As unidades específicas impactadas são a da JBS em Pontes e Lacerda (MT), a da PrimaFoods em Araguari (MG) e o frigorífico da Frialto em Matupá (MT). A Abiec esclareceu que o embargo possui um caráter preventivo e temporário, visando permitir que as empresas rastreiem a origem das cargas e implementem as correções necessárias, conforme exigido pelas autoridades da China.
Detalhes sobre as irregularidades sanitárias
A Frialto, uma das empresas afetadas, revelou que a fiscalização chinesa detectou a presença do hormônio sintético acetato de medroxiprogesterona em uma de suas cargas de exportação.
Em resposta à suspensão, a Frialto prontamente reduziu em 40% a produção de sua unidade em Matupá. A carne, que antes seria destinada à China, está sendo redirecionada para outros mercados importantes, incluindo Estados Unidos, México, União Europeia, além de nações árabes e asiáticas.
A companhia também iniciou uma investigação técnica aprofundada nos lotes questionados. A expectativa da Frialto é retomar as operações antes do início do ciclo de exportações da cota chinesa de 2027.
A Frialto ressaltou que a suspensão coincide com um período em que o Brasil já se aproxima do limite da cota de exportação para 2026. Este cenário, por si só, já provocaria uma diminuição natural nos embarques durante o segundo semestre do ano.
A Abiec, por sua vez, reiterou a robustez do sistema de controle sanitário brasileiro, considerado um dos mais rigorosos globalmente. Este sistema inclui monitoramento contínuo da cadeia produtiva e fiscalização ativa do Serviço de Inspeção Federal (SIF).

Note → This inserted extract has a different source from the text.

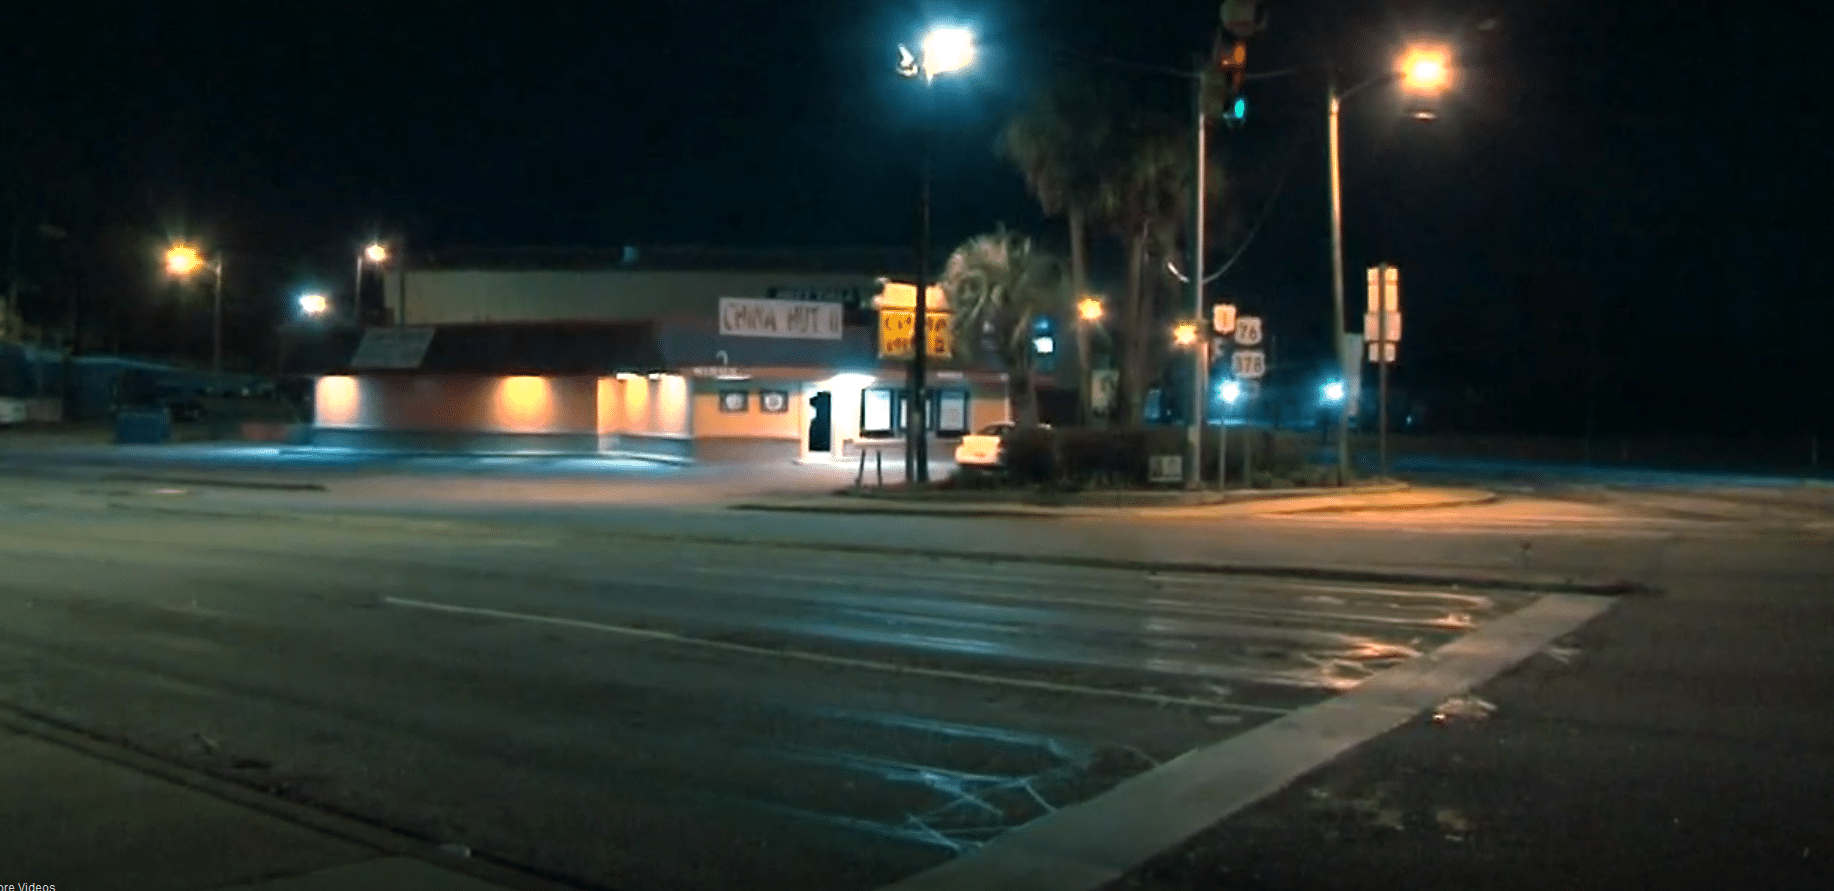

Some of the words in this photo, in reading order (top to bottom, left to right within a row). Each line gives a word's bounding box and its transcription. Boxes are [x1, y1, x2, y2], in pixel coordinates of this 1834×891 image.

[723, 303, 777, 331] CHINA
[786, 305, 819, 333] HUT
[1239, 321, 1258, 339] 76
[1235, 355, 1263, 374] 378

Segundo a entidade, as cargas que geraram questionamentos da China estão sendo gerenciadas em estrita conformidade com os protocolos sanitários estabelecidos entre os dois países.
Até o momento, o Ministério da Agricultura e Pecuária e a Embaixada da China no Brasil não emitiram pronunciamentos oficiais sobre o ocorrido.

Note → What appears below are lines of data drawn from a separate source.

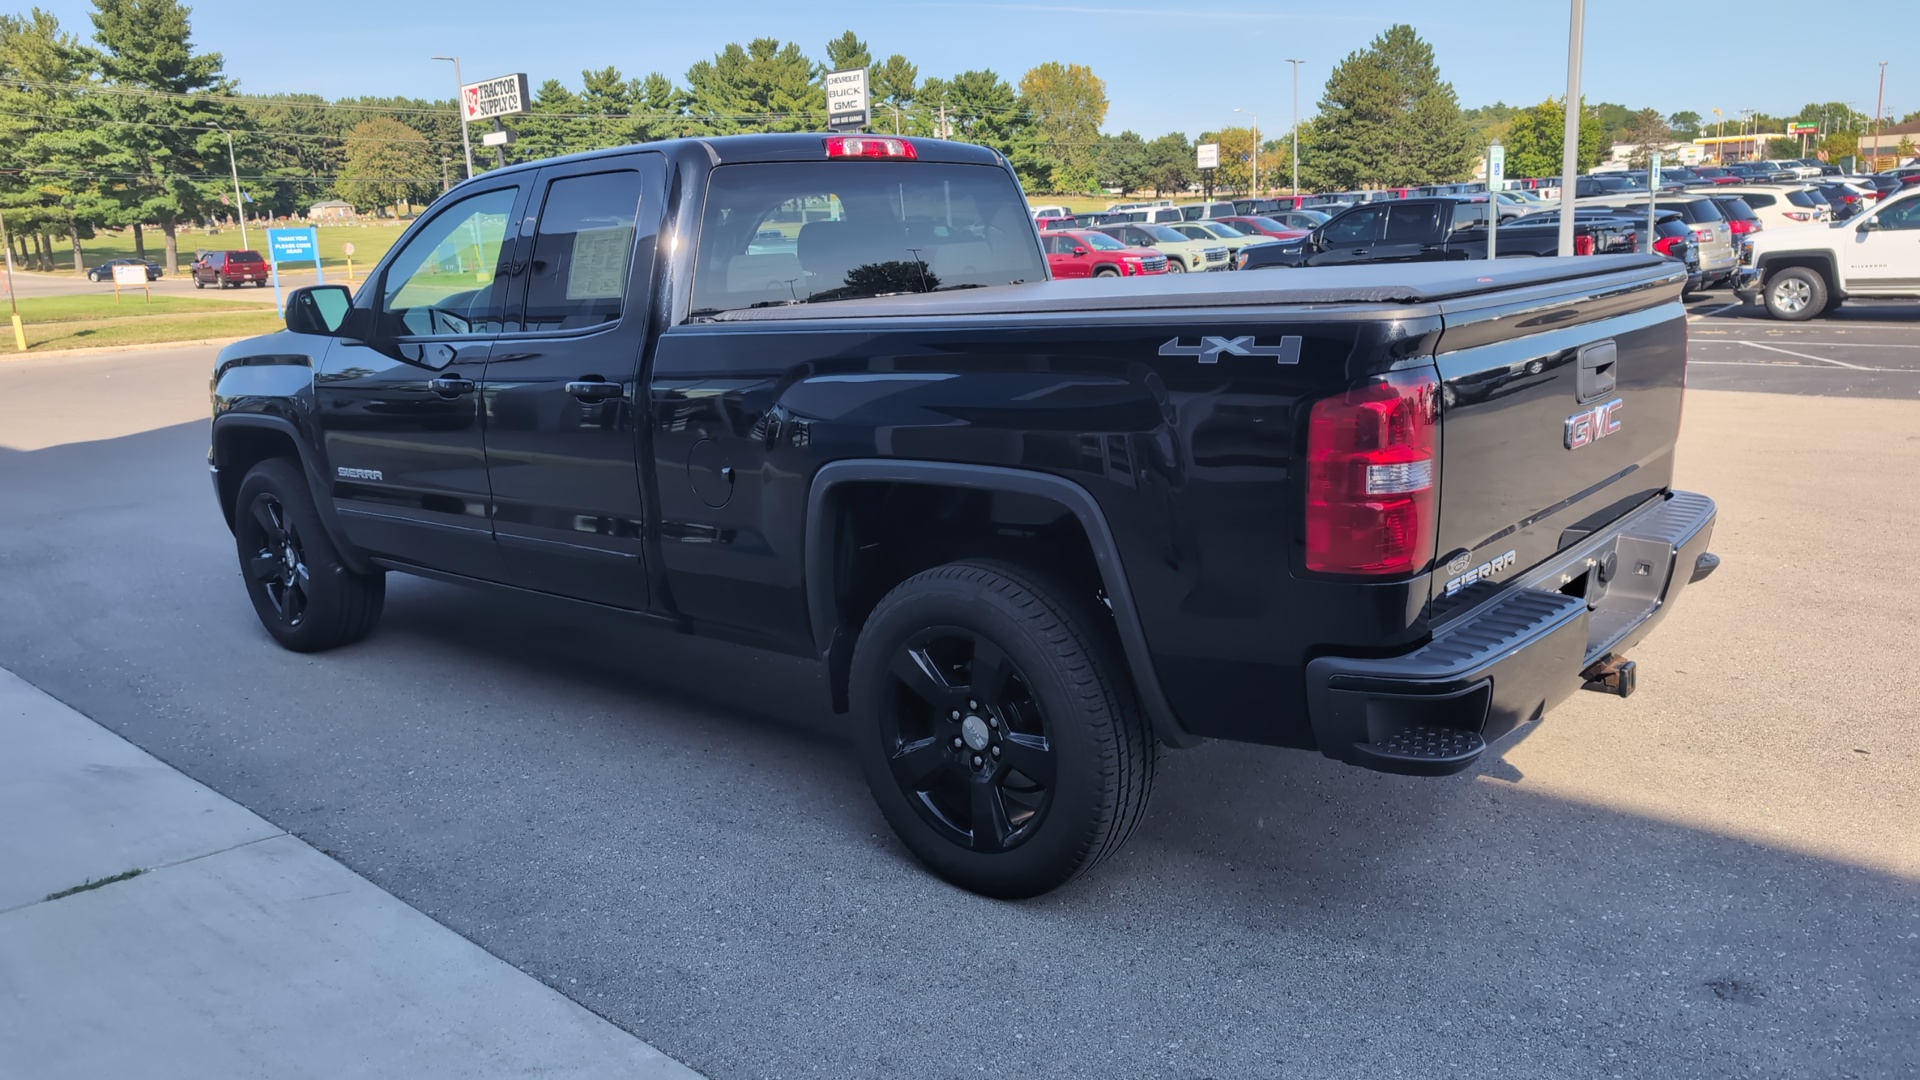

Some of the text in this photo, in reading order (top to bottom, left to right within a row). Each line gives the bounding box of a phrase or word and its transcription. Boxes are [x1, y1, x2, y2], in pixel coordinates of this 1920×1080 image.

[829, 74, 860, 85] CHEVROLET
[478, 78, 516, 99] TRACTOR
[829, 87, 861, 98] BUICK
[480, 96, 508, 115] SUPPLY
[834, 100, 858, 110] GMC
[1569, 398, 1623, 450] GMC
[337, 466, 383, 481] SIERRA
[1445, 549, 1516, 598] SIERRA

Reabilitação de outras plantas brasileiras
Curiosamente, esta nova suspensão ocorre na mesma semana em que a China autorizou a reabilitação de outras três plantas brasileiras que estavam embargadas desde março de 2025. Na última quarta-feira (20), foram liberadas as unidades da JBS em Mozarlândia (GO), da Frisa em Nanuque (MG) e da Bon-Mart Frigorífico em Presidente Prudente (SP).
A Abiec celebrou a decisão de reabilitação, interpretando-a como um reforço da confiança das autoridades chinesas no sistema sanitário do Brasil e na qualidade da carne bovina nacional.
A entidade também fez questão de salientar a atuação diligente do Ministério da Agricultura e Pecuária nas negociações conduzidas diretamente em Pequim, que foram cruciais para o restabelecimento dessas habilitações.
Atualmente, o Brasil conta com mais de 100 frigoríficos habilitados para exportar carne bovina para a China, que se mantém como o principal destino internacional do produto brasileiro.